# Impatient, how to induce labor at home



## LGibbs31

Okay, so iv read alot online about induction at home. I'm 36 weeks I'm a FTM. I know I should just wait and let it all happen itself but iv been walking like I normally would do before I got pregnant, me and my fiance haven't had sex much because I'm super uncomfortable. I'm trying jump start everything to maybe get 1cm or 2cm dilated by the end of the week. I went to the doctor today and she said I'm thinning out but didn't tell me how much. Also do you thin out than dilate?


----------



## nov_mum

Sorry to say but it happens when baby is ready. The tips for encouraging baby along really only work if baby is ready and even then I think sex is about the only thing studies have actually shown works. The best advice I can give is to make plans, loads of them. Babies always tend to present at the least convenient time so plans things you are really looking forward to and nature will take it's course. Before you know it, baby will be here early and you will have to cancel everything. If this plan doesn't work, at least you will be busy and it might take your mind off it. As a fourth time preggo mum I implore you to sleep, nap, read, watch movies. These things will seem more valuable than winning the lottery in a few weeks hehehe. Good luck : )


----------



## bumblebeexo

Inductions tips at home won't work unless your body is ready I'm afraid.. I tried a few when I reached full-term but now I realise it's not going to work. Still fun to try though! Here's some suggestions though to keep you busy, and you never know, might work for you!

- Sex
- Walking/dancing
- Galloping (youtube it, it looks hilarious!)
- Spicy food
- Nipple stimulation
- Bouncing on a birthing ball


----------



## Sparkle2

I am 38 weeks and so impatient!!! 
We are trying:
Sex-lots!!!
Walking
Pineapples
Spicy food
Clary sage oil to massage
Acupressure
Bouncing on the ball
Nipple stimulation

Lol!

It just helps to be doing something to try and encourage her to say hi to the world, even if it doesn't work. 

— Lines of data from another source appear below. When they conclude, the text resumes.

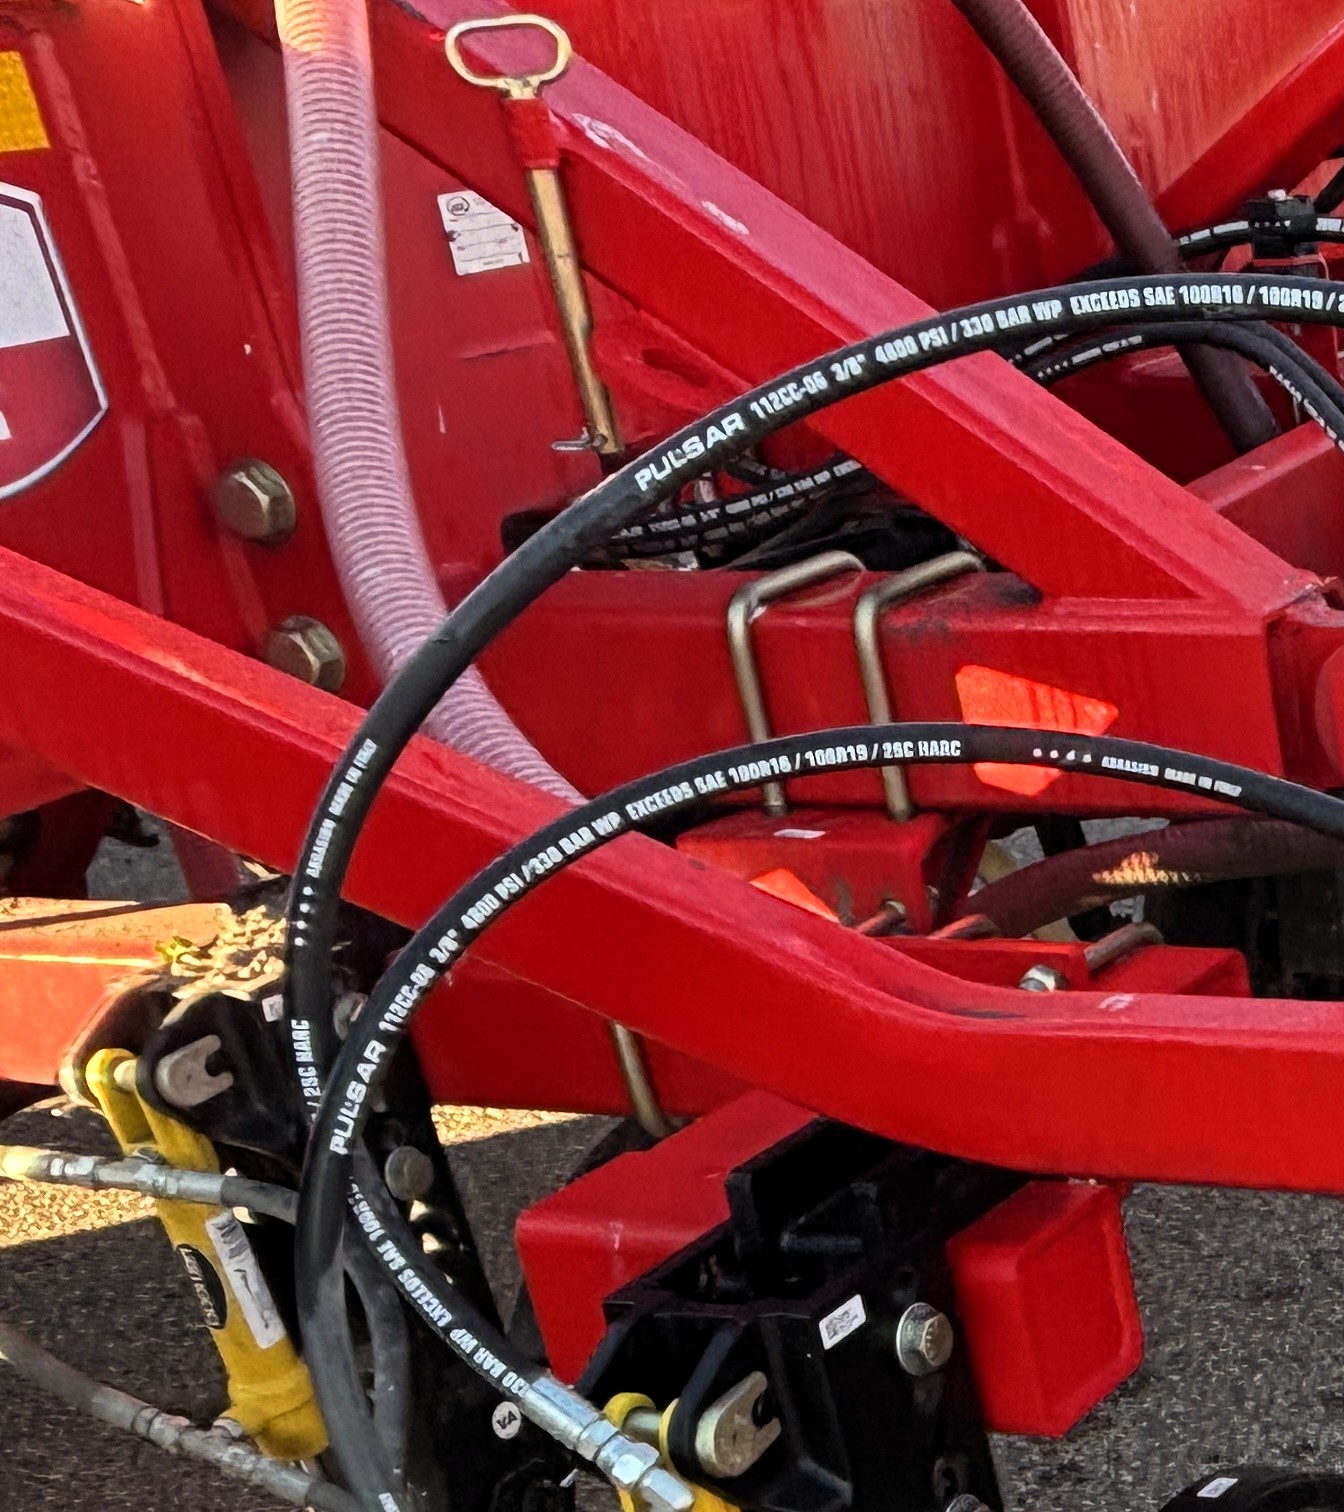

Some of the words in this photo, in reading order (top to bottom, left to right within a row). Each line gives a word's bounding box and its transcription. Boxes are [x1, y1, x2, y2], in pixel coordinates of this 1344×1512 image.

[634, 412, 746, 492] PULSAR
[917, 326, 949, 351] PSI
[959, 313, 995, 338] 330
[995, 305, 1032, 330] BAR
[1032, 299, 1063, 321] WP
[1069, 288, 1141, 316] EXCEEDS
[1142, 286, 1176, 306] SAE
[329, 1039, 387, 1156] PULSAR
[493, 872, 525, 900] PSI
[558, 826, 596, 855] BAR
[591, 811, 622, 836] WP
[625, 781, 695, 821] EXCEEDS
[694, 770, 728, 794] SAE
[376, 1239, 407, 1271] SAE
[397, 1268, 453, 1327] EXCEEDS
[449, 1328, 479, 1354] WP
[472, 1347, 507, 1379] BAR

And I am terrified of going overdue...i don't think I could take it. And my hosp will only induce at 40+12......gulp.


----------



## LGibbs31

My doctor said he would induce me at 39 weeks cause my mom lives 3 hours away and I want her in the room with me but everything has been healthy and baby is measuring big so I wanna try to have him once I reach like 38 weeks(if my body allows it). I don't wanna be induced at the hospital cause I heard its a longer more painful drawn out labor process I'd much rather try home remedies first and if it doesn't work than induction at the hospital is the way to go. Thank yall it helped alot. Iv done accupressure and I cab only walk for about 20 minutes without getting exhausted Haha. My fiance works 12 hour shifts so sex doesn't really work out for us although I heard from EVERYONE it works. How does the pinapple thing work? I love pinapple but haven't tried it yet to induce. I'm getting more anxious and impatient everyday. I also don't have a big ball but I have a bouncy bed...so would bouncing on the edge of the bed maybe work?


----------



## Sparkle2

LGibbs31 said:


> My doctor said he would induce me at 39 weeks cause my mom lives 3 hours away and I want her in the room with me but everything has been healthy and baby is measuring big so I wanna try to have him once I reach like 38 weeks(if my body allows it). I don't wanna be induced at the hospital cause I heard its a longer more painful drawn out labor process I'd much rather try home remedies first and if it doesn't work than induction at the hospital is the way to go. Thank yall it helped alot. Iv done accupressure and I cab only walk for about 20 minutes without getting exhausted Haha. My fiance works 12 hour shifts so sex doesn't really work out for us although I heard from EVERYONE it works. How does the pinapple thing work? I love pinapple but haven't tried it yet to induce. I'm getting more anxious and impatient everyday. I also don't have a big ball but I have a bouncy bed...so would bouncing on the edge of the bed maybe work?

Fresh pineapple is meant to be good for your cervix.

Yeah, I'm sure bouncing on bed could be similar, they also say star jumps and speed humps!!! Good luck to you, labor dust coming your way!!! Let me know if any methods work!! Xx


----------



## missjayde1987

I think with the sex it's ,ore the sperm with 2 of mine we had sex and I let the sperm stay all night like I just rolled over and went to sleep straight away didn't go to the toilet or anything and woke up in the morning in labour


----------



## missjayde1987

Twice!!!!


----------



## akblaze

Being someone who had hoped my little girl would be early (after 37 wks though) I found out at 34 weeks that I was 5cm and 90%.. My doc sent me home to take it easy but DH and I had sex and well three hrs later I went into labor at 36.3. I'm not one to try and give advice that isn't wanted but everyone says at 36 weeks the baby's will be fine and need no help but my little girl is in the NICU...
Why not just wait it out one more week until your LO is full term? One week will go a LONG way for his/her health.
If your determined though... I blame sex for throwing me into active labor. We only did it once too. 

Also I Was told that first timers normally thin out and then dilate.

Best of luck to you and your little one!! :flower:


----------